* _SUPPLIED RECORDS_
=== Section Start ===
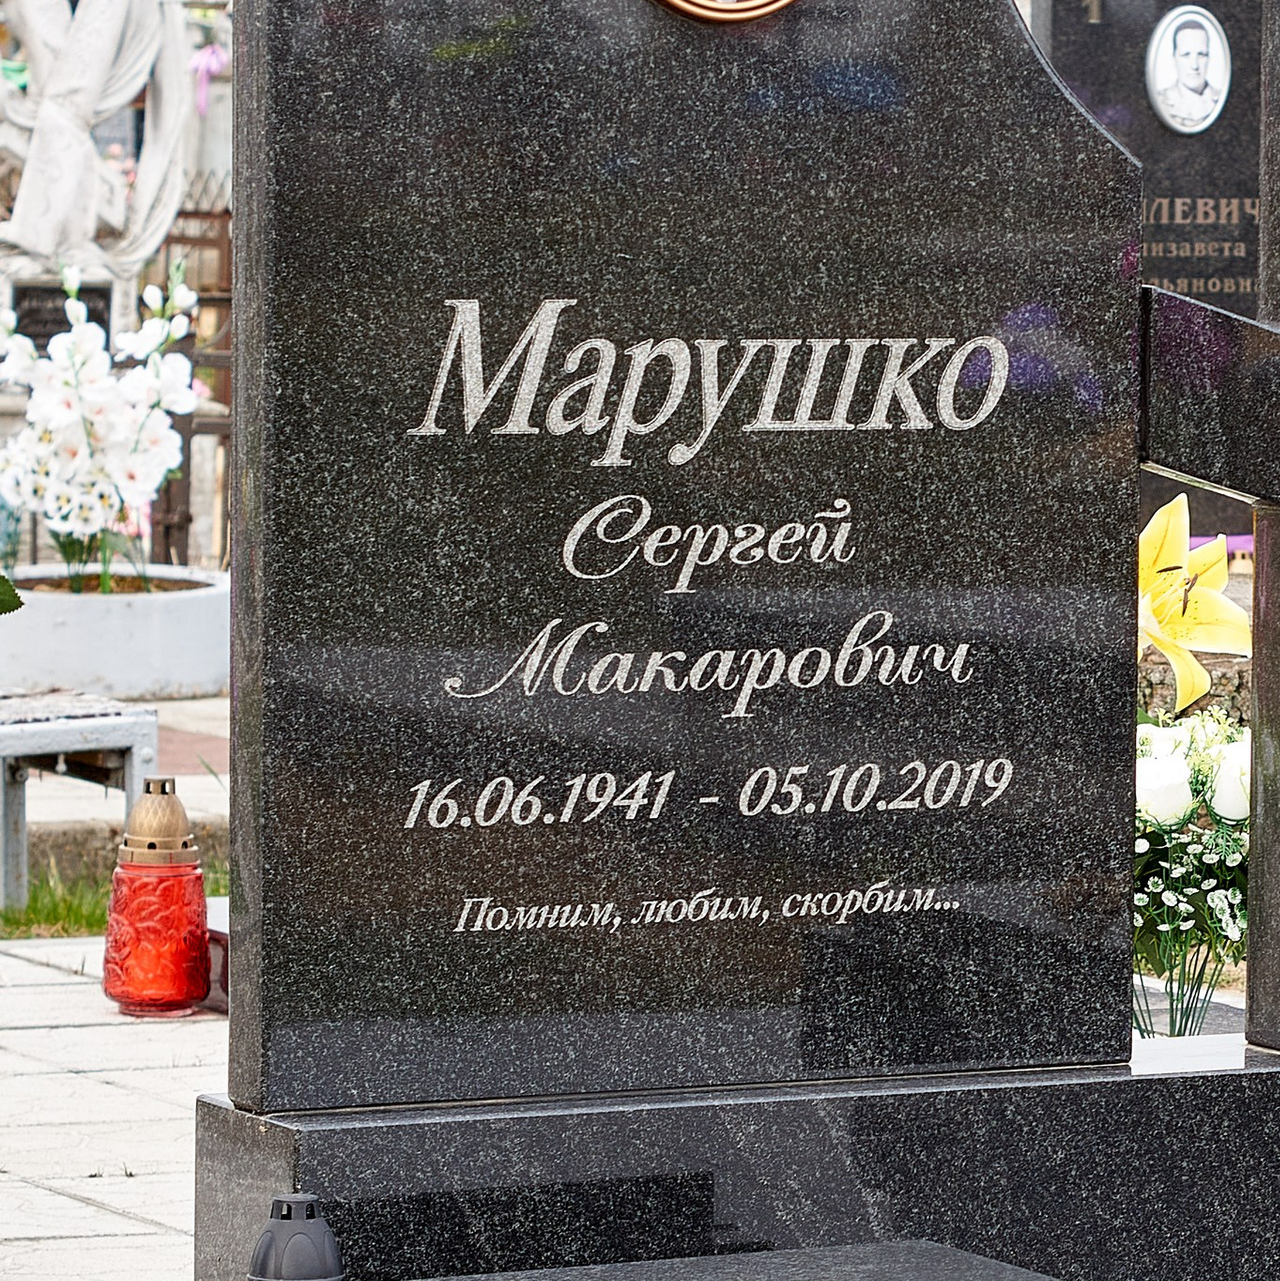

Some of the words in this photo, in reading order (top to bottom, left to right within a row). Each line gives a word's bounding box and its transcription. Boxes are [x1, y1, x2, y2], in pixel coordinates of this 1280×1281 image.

[1143, 197, 1260, 224] ЛЕВИЧ
[1143, 241, 1247, 258] изавета
[406, 298, 1009, 468] Марушко
[562, 494, 856, 594] Сергей
[443, 610, 975, 718] Макарович
[403, 768, 677, 830] 16.06.1941
[738, 757, 1014, 818] 05.10.2019
[453, 896, 622, 934] Помним,
[630, 886, 769, 926] любим,
[782, 880, 961, 924] скорбим...
=== Section End ===
* _WHAT IS REQUIRED_
In the printed copy, the material above must appear unchanged and without its pictures.

* _WRITTEN SOLUTION_
Some of the words in this photo, in reading order (top to bottom, left to right within a row). Each line gives a word's bounding box and its transcription. Boxes are [x1, y1, x2, y2], in pixel coordinates of this 1280×1281 image.

[1143, 197, 1260, 224] ЛЕВИЧ
[1143, 241, 1247, 258] изавета
[406, 298, 1009, 468] Марушко
[562, 494, 856, 594] Сергей
[443, 610, 975, 718] Макарович
[403, 768, 677, 830] 16.06.1941
[738, 757, 1014, 818] 05.10.2019
[453, 896, 622, 934] Помним,
[630, 886, 769, 926] любим,
[782, 880, 961, 924] скорбим...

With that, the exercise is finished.